Литмир - Электронная Библиотека
A
A

Лора любила его, но тем не менее не только не сделала единственным наследником, но даже не допускала мысли о возможности брака с ним. Она делала Павлу дорогие подарки, но ее совершенно не волновало, каким образом ему удается хорошо одеваться, иметь деньги, необходимые для достойной жизни. Однажды Павел привел Лору в изумление, предложив ей стать его женой.
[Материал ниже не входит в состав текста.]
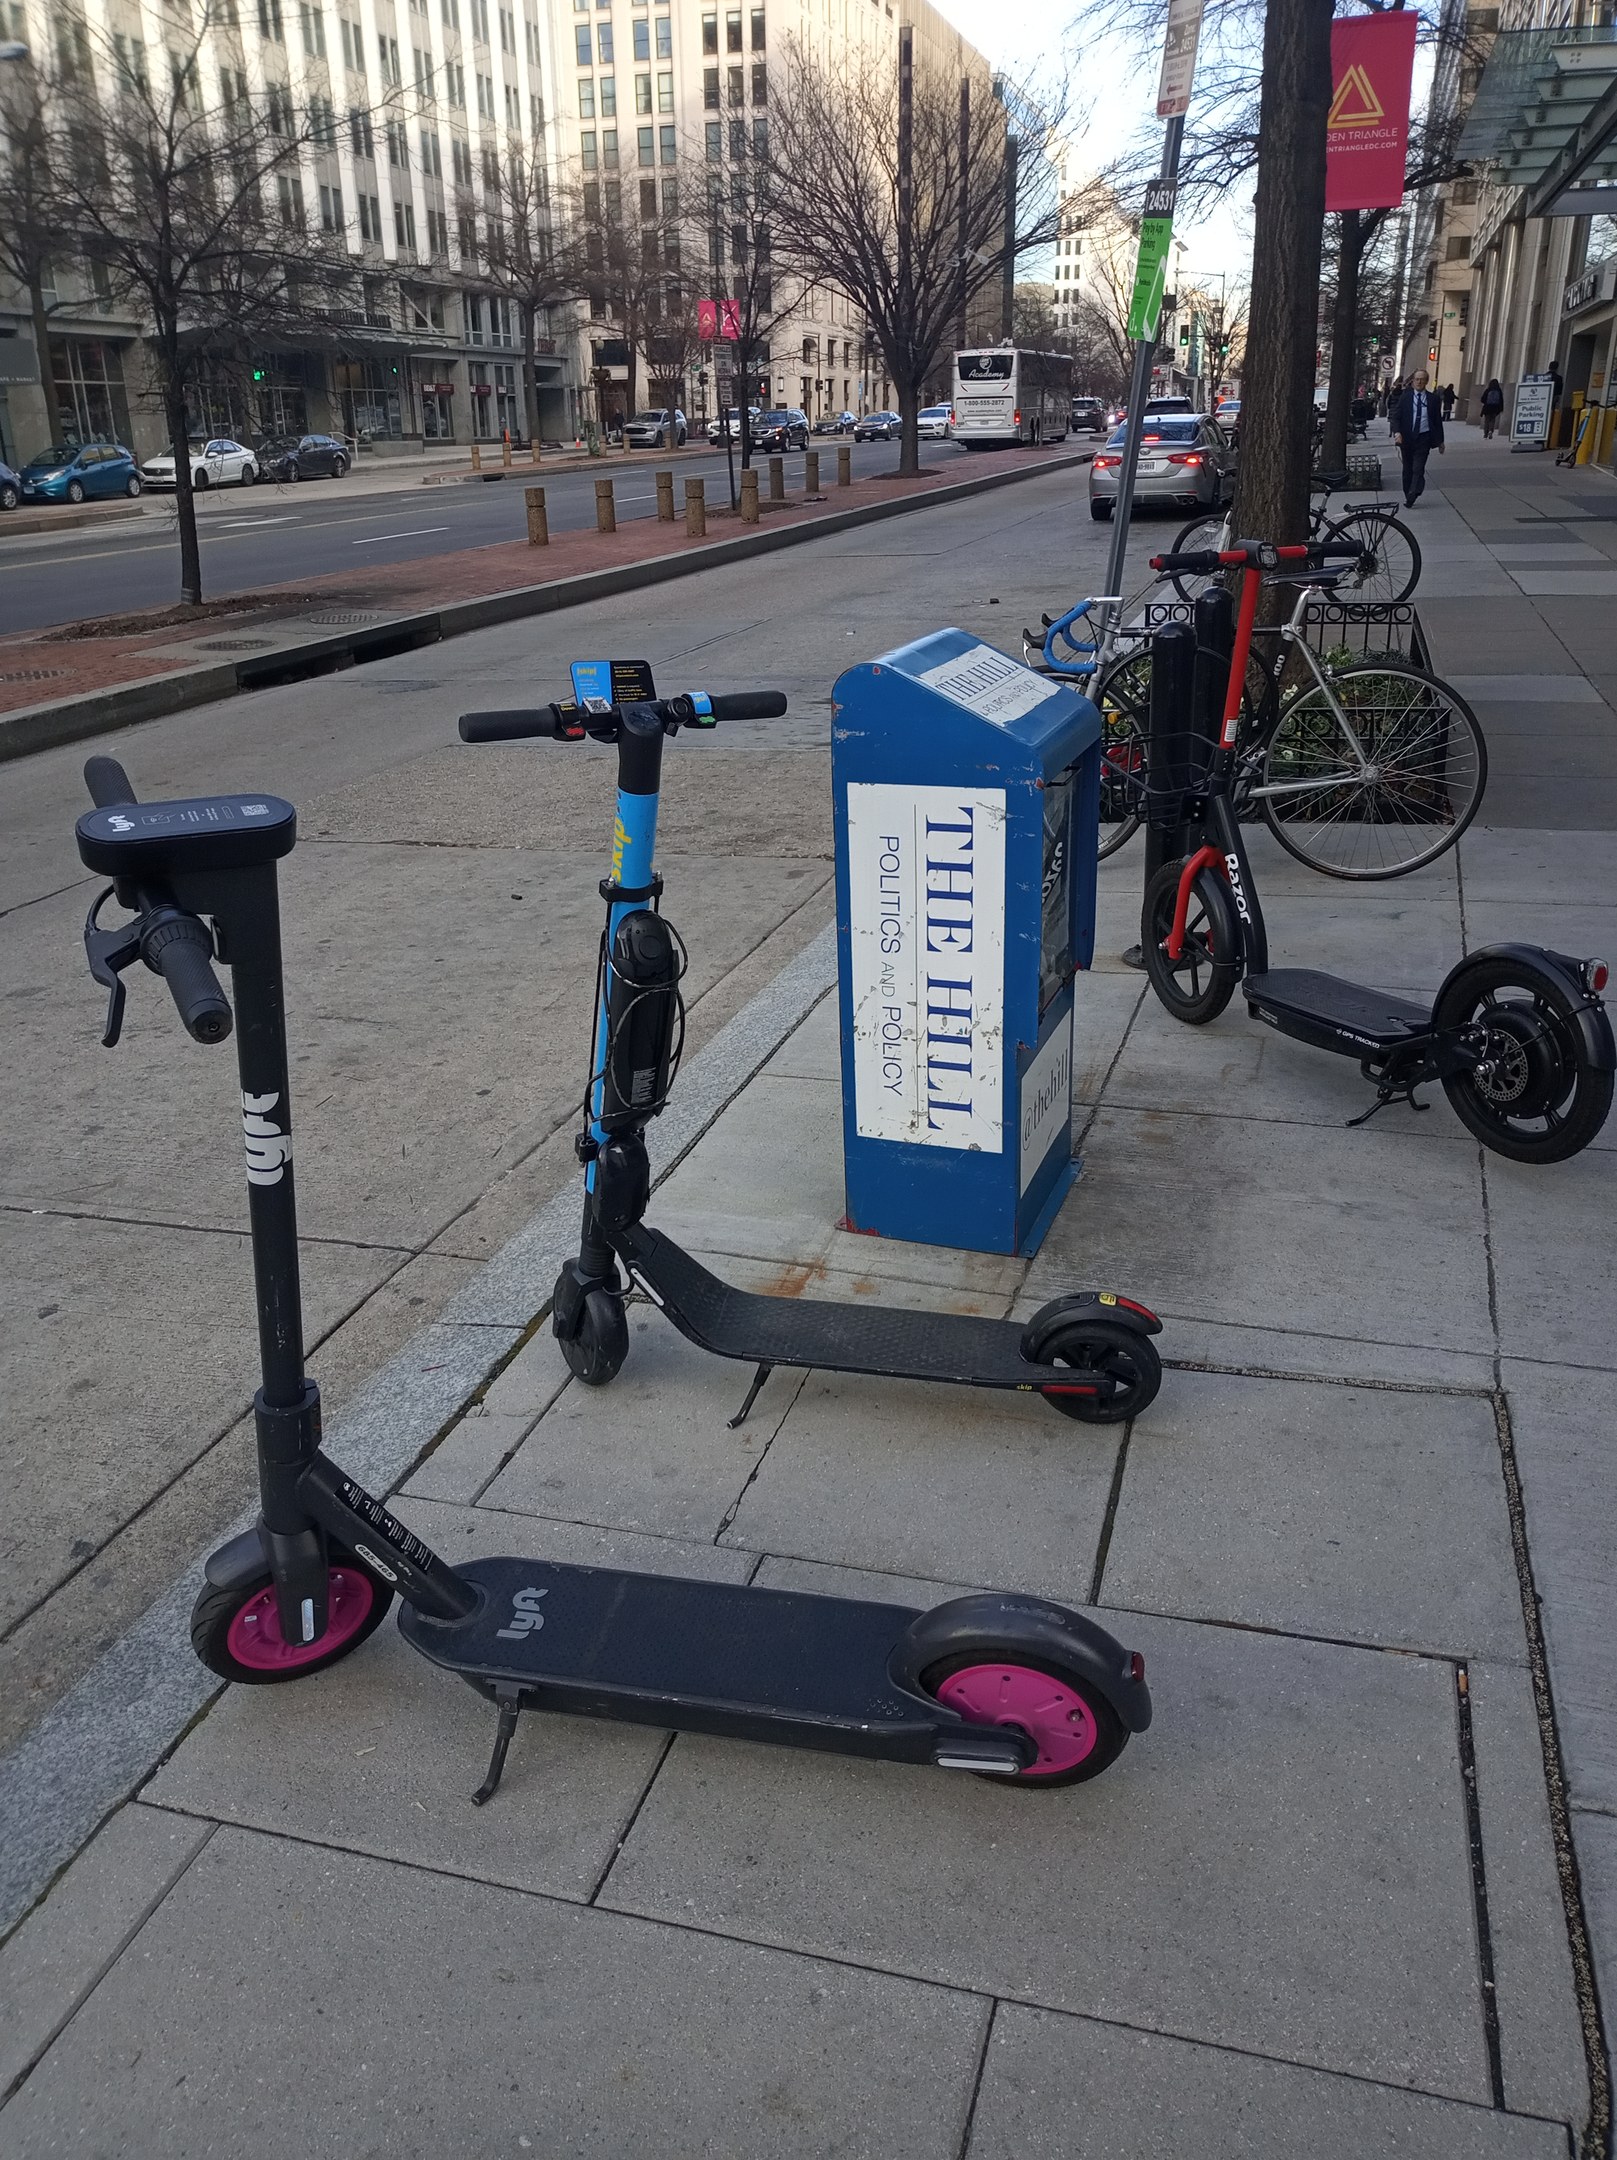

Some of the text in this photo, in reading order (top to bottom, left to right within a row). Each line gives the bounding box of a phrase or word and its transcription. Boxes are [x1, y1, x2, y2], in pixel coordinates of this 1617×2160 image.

[1349, 128, 1398, 140] TRIANGLE
[1148, 190, 1174, 211] 24531
[968, 369, 1004, 379] Academy
[1519, 423, 1531, 432] $18
[935, 656, 1019, 701] THE HILL
[107, 814, 136, 833] lyft
[1225, 853, 1251, 925] Razor
[879, 836, 903, 1097] POLITICS AND POLICY
[926, 806, 974, 1131] THE HILL
[1022, 1048, 1068, 1151] @thehill
[242, 1088, 294, 1186] lyft
[357, 1545, 395, 1579] 685-465
[496, 1587, 549, 1640] lyft
Она зажмурила глаза от такой невероятной наглости с его стороны. «Он что, полагает, будто я не знаю, каким образом он зарабатывает? Зарплата директора — это фиговый лист, под которым все знают, что находится. Он, по сути дела, самый обыкновенный бич-бой. Красивый, умный, образованный, может, и талантливый, но альфонс. Я не ставлю это ему в минус. Но делать мне, Лоре Ильховской, предложение — это наглость. Любовь любовью, но стать мадам Мельгуновой!.. Это, как говаривали в старину, моветон».

Лора, еще не желая расставаться с Павлом, по возможности постаралась замять его предложение. Но Павел не захотел выслушивать общие фразы.

— Хорошо, если тебе неловко выходить замуж за директора Дома-музея, помоги мне занять то положение, какое считаешь достойным твоего мужа. У тебя есть связи, деньги… Мне нужно совсем немного помочь. Дальше я пойду сам. Ты же прекрасно понимаешь, что без протекции ничего невозможно добиться.

Лора пообещала, но так, лишь бы он отвязался от нее. «Надо же, чего захотел! Чтобы я, как самая примитивная женщина, которая и стол накроет, и бутылку поставит, и ляжет, как ему удобно, стала бы лезть в глаза высокопоставленным людям с просьбами о протекции моему никчемному любовнику. Да я и мизинцем не пошевелю. Мне что, девяносто лет, чтобы я за мальчиков просила. Любишь меня и люби! Больше от тебя ничего не требуется».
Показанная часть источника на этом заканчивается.